— А кто же я, по-твоему? — с гордостью ответил Щукарь.
— О господи! — простонала Куприяновна и больше ничего не могла сказать, потому что зарылась лицом в передник, и в тишине слышался только ее сдавленный хрип.
— Ты, дед, не обращай на нее внимания, ты гни свою линию, — ласково сказал Кондрат Майданников и отвернулся от костра.
— Я на этих баб всею жизню не обращаю никакого внимания, а обращал бы — может, я бы до таких древних годов ни хрена не дожил, — уверенно ответил Щукарь.
И продолжал:
— Ну, хорошо, прибыл я к табуну, гляжу вокруг себя, и глаза не нарадуются! Кругом такой ажиотаж, что век бы оттуда не уезжал! Лазоревые цветки по степи, травка молодая, кобылки пасутся, солнышко пригревает, — одним словом, полный тебе ажиотаж!
— А что это такое За слово ты сказал? — поинтересовался Бесхлебнов.
— Ажиотаж-то? Ну, это когда кругом тебя красота. «Жи» означает: живи, радуйся на белый свет, ни печали тебе, ни воздыханий. Это — ученое слово, — с непоколебимой уверенностью ответил Щукарь.
— А откуда ты их нахватался, этих слов? — продолжал допытываться любознательный Бесхлебнов.
— У Макарушки Нагульнова. Мы же с ним огромадные приятели, ну вот он по ночам англицкий язык изучивает, а я при нем нахожусь. Дал он мне толстую, как Куприяновна, книжку, называется она — словарь. Не букварь, по каким детишки учатся, а словарь для пожилых. Дал и говорит: «Учись, дед, на старости годов пригодится». Вот я и учусь помаленьку. Только ты меня не перебивай, Акимушка, а то я в один момент с мысли собьюсь. Я вам потом расскажу про этот словарь. Так вот, прибыл я к месту назначения со своими призводителями, только ничего толку не вышло, ни из моих призводителей, ни из ажиотажа… Скажу вам, добрые люди: кто этого Ваську глухого близко не знает, тот на своем веку лишних десять лет проживет.
Это, то есть, такой пень, что Демид Молчун, ежли сравнять их, самый разговорчивый человек у нас в Гремячем Логу.
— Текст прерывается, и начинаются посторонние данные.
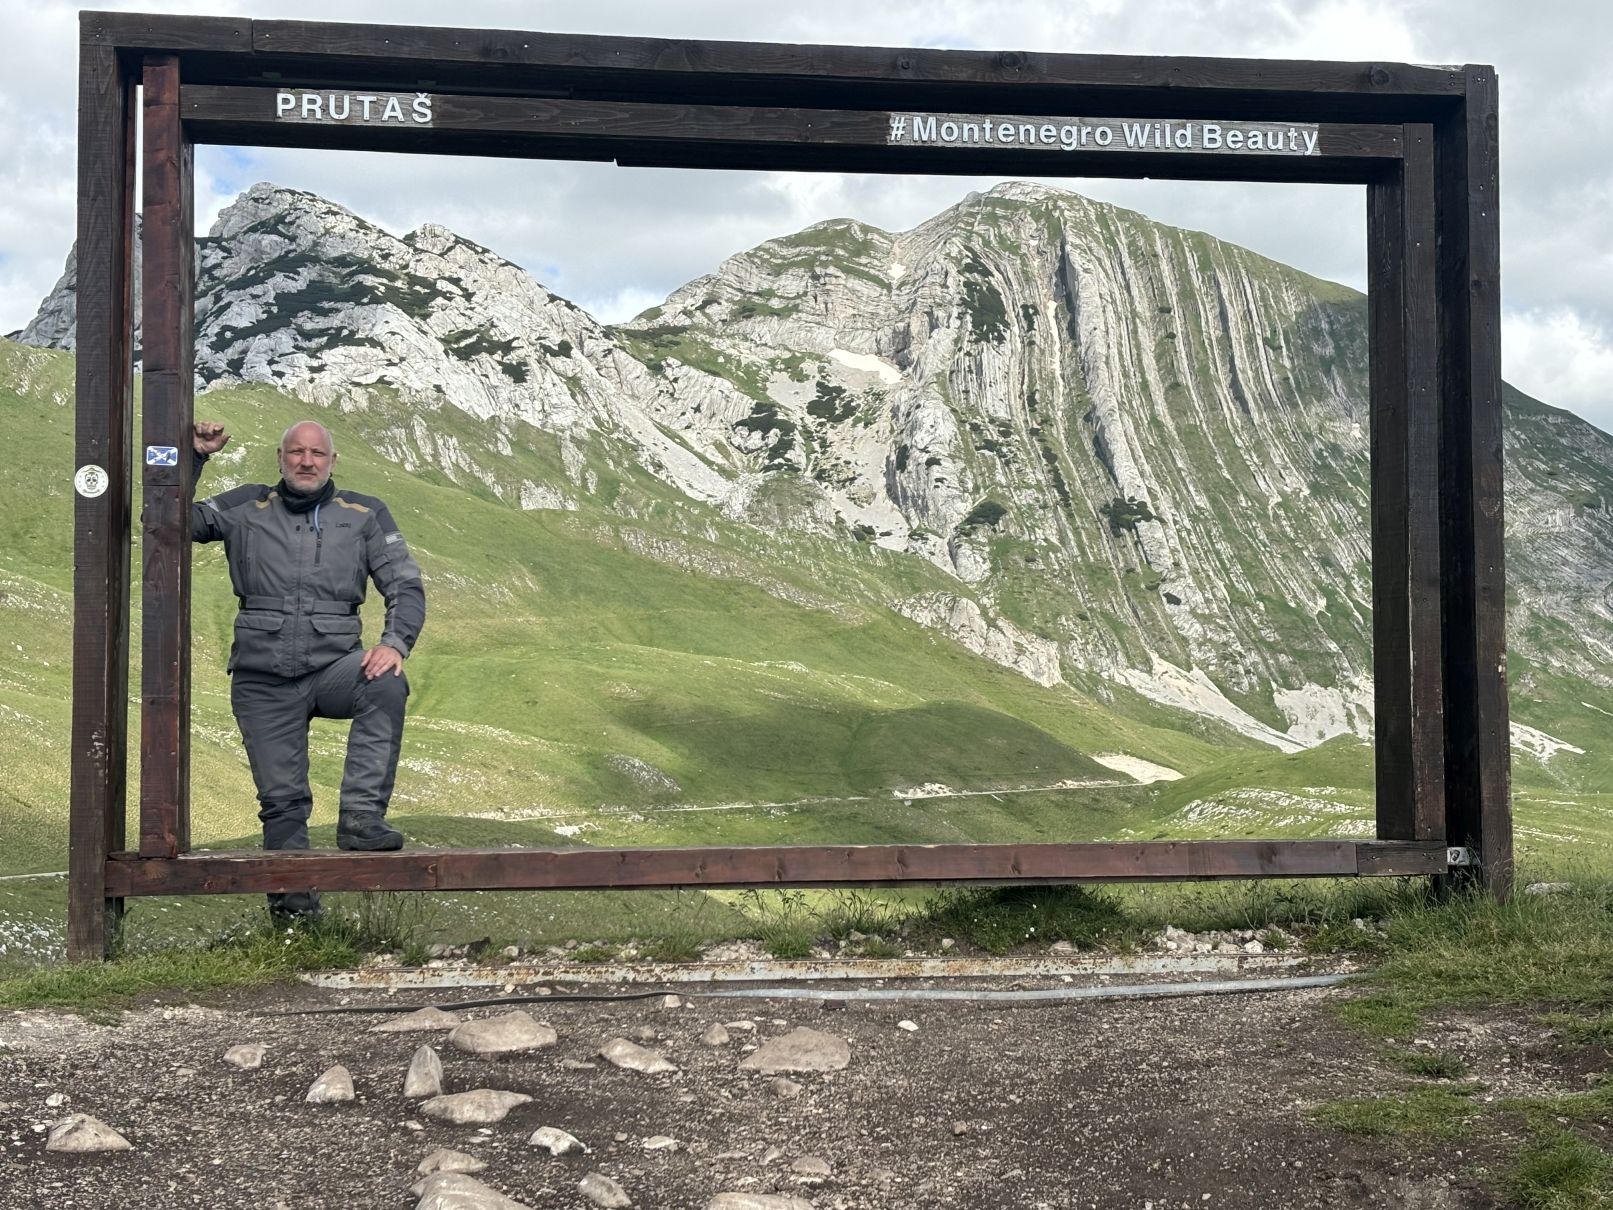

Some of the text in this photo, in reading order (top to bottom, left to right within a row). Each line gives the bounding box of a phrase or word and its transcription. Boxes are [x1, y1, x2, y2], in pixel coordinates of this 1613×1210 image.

[276, 92, 433, 124] PRUTAŠ
[1121, 122, 1193, 149] Wild
[1202, 124, 1319, 156] Beauty
Что я из-за его молчания муки в степи принял — несть числа! Не с кобылами же мне разговаривать? А Васька молчит сутками напролет, только жрет с хрустом, а остальное время либо молчаком спит, либо лежит под ватолой, как гнилая колода, и то же самое молчит. Редко-редко глазами похлопает и опять молчит. Вот какой вопрос он мне задал, вовсе не разрешимый. Одним словом, прожил я там трое суток, как на кладбище, в гостях у покойников, и уже начал сам с собою разговаривать. Э-э-э, думаю, так дело не пойдет! Так недолго и умом тронуться такому компанейскому человеку, как я.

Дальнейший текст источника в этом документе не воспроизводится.